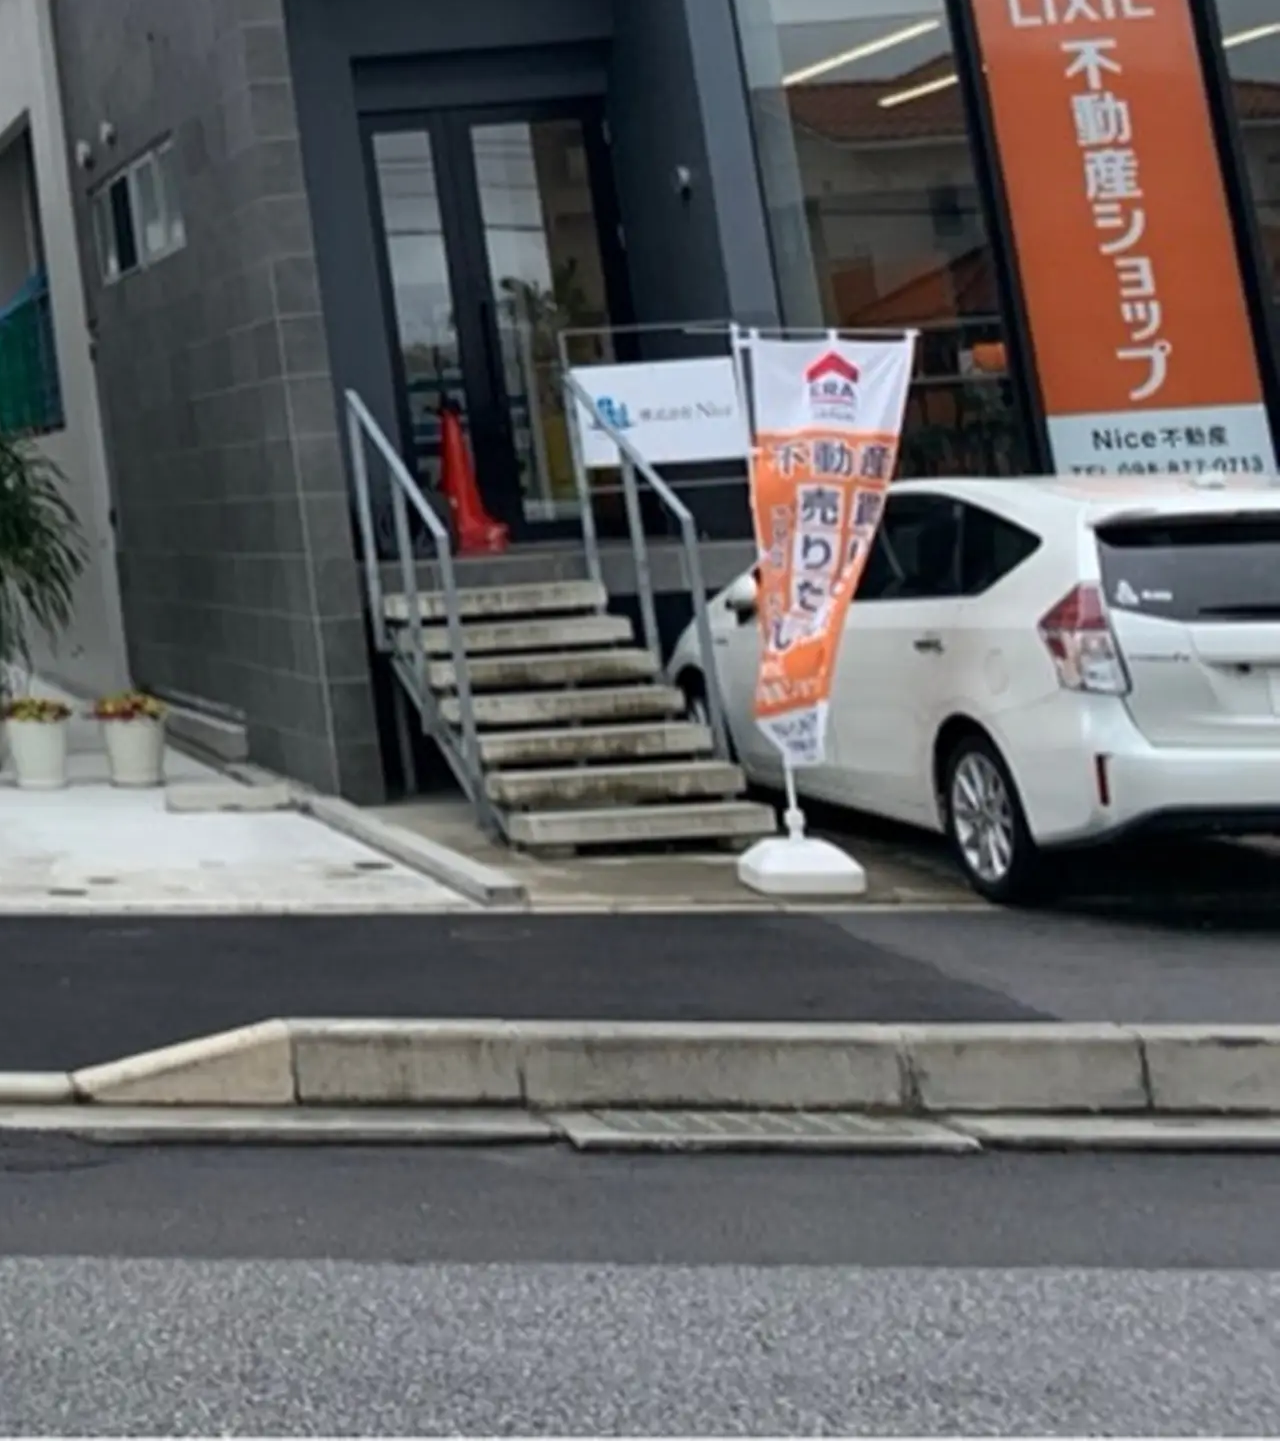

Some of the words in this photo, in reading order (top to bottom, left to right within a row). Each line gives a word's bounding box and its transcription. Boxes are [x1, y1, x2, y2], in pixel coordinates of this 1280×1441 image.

[1060, 38, 1172, 401] 不動産ショップ
[810, 379, 854, 397] ERA
[774, 439, 891, 479] 不動産
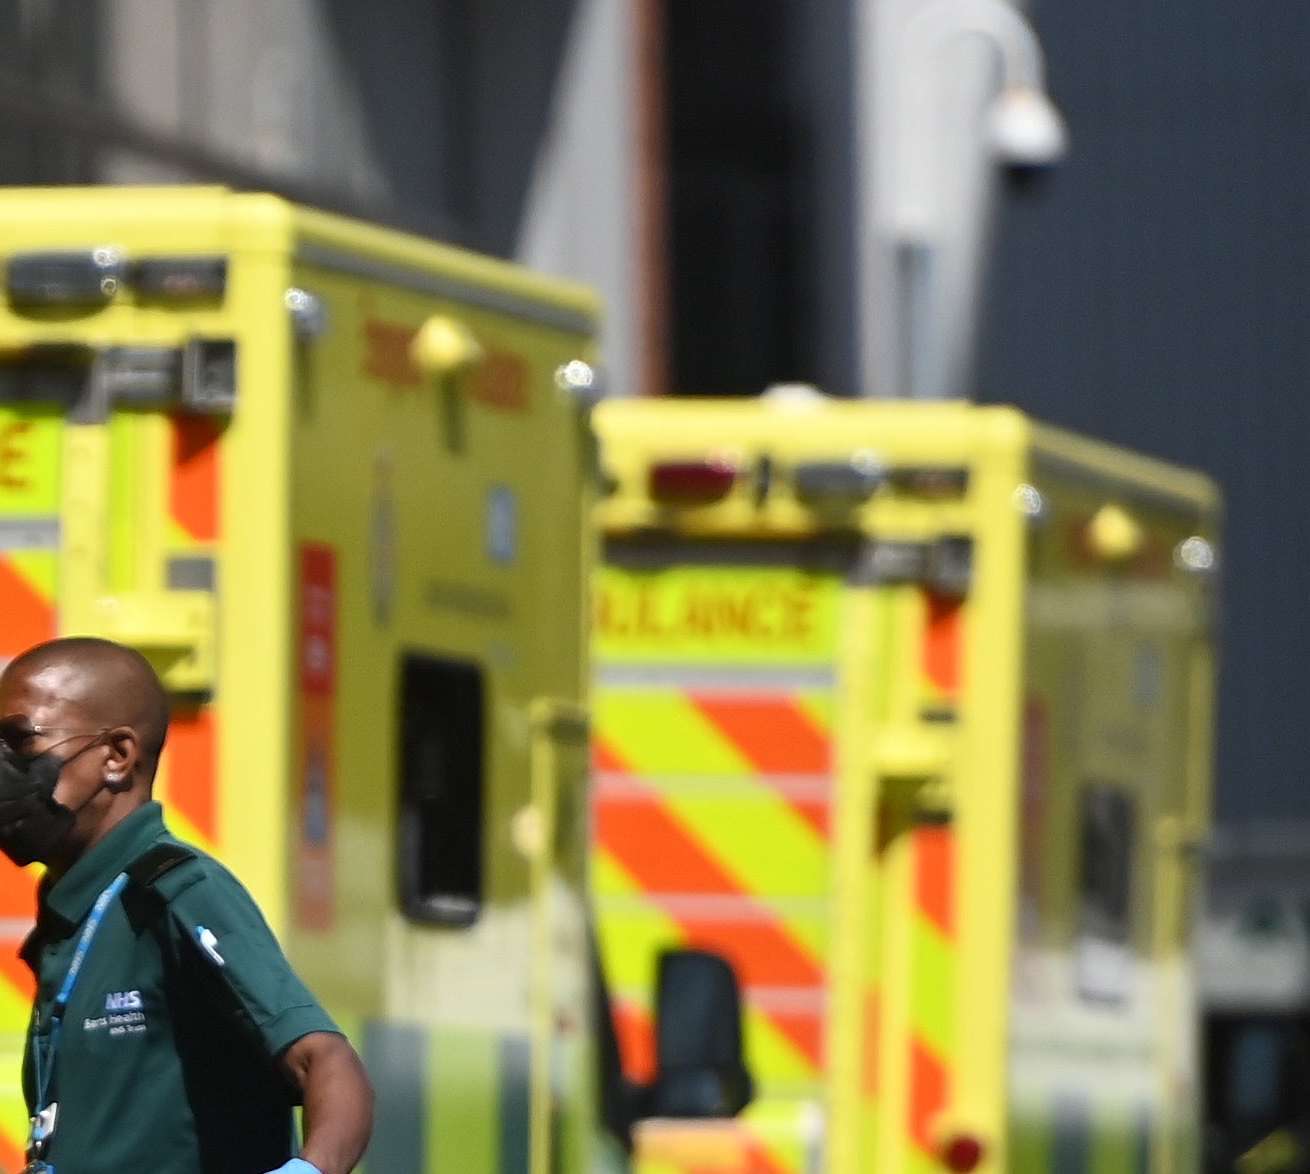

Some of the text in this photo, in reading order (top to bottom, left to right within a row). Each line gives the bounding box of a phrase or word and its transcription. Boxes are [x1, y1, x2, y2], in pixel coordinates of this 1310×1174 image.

[594, 576, 816, 638] ULANCE
[105, 990, 142, 1010] NHS
[109, 1011, 146, 1025] Health
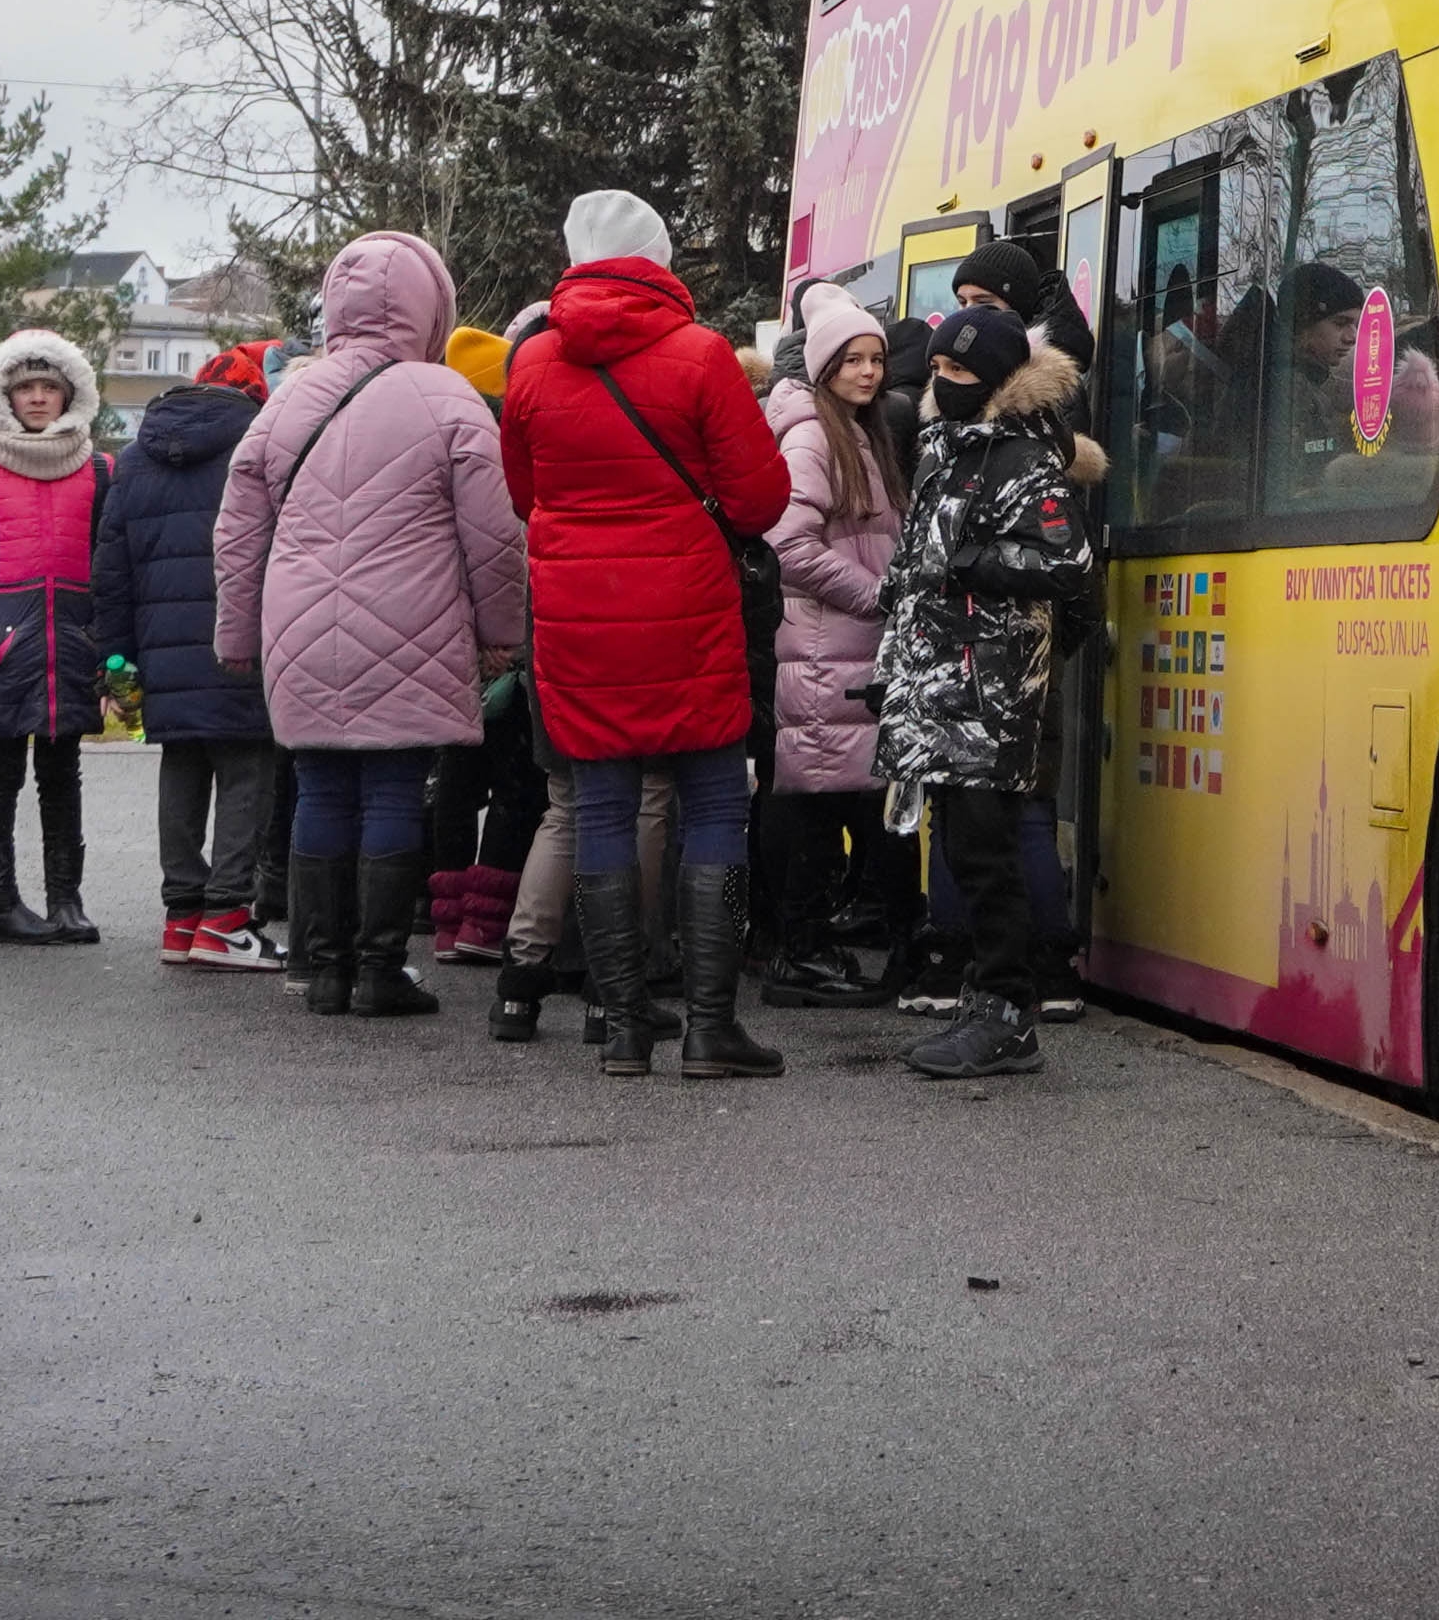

++++

**Your instructions**
Reproduce nothing but the lines from the line containing "Some of the text" through the last line of the data above, exactly as written and without pictures.

**Written solution**
Some of the text in this photo, in reading order (top to bottom, left to right within a row). Each line gives the bounding box of a phrase or word and its transcription. Boxes are [x1, y1, x2, y2], in pixel coordinates of this 1310×1174 image.

[594, 576, 816, 638] ULANCE
[105, 990, 142, 1010] NHS
[109, 1011, 146, 1025] Health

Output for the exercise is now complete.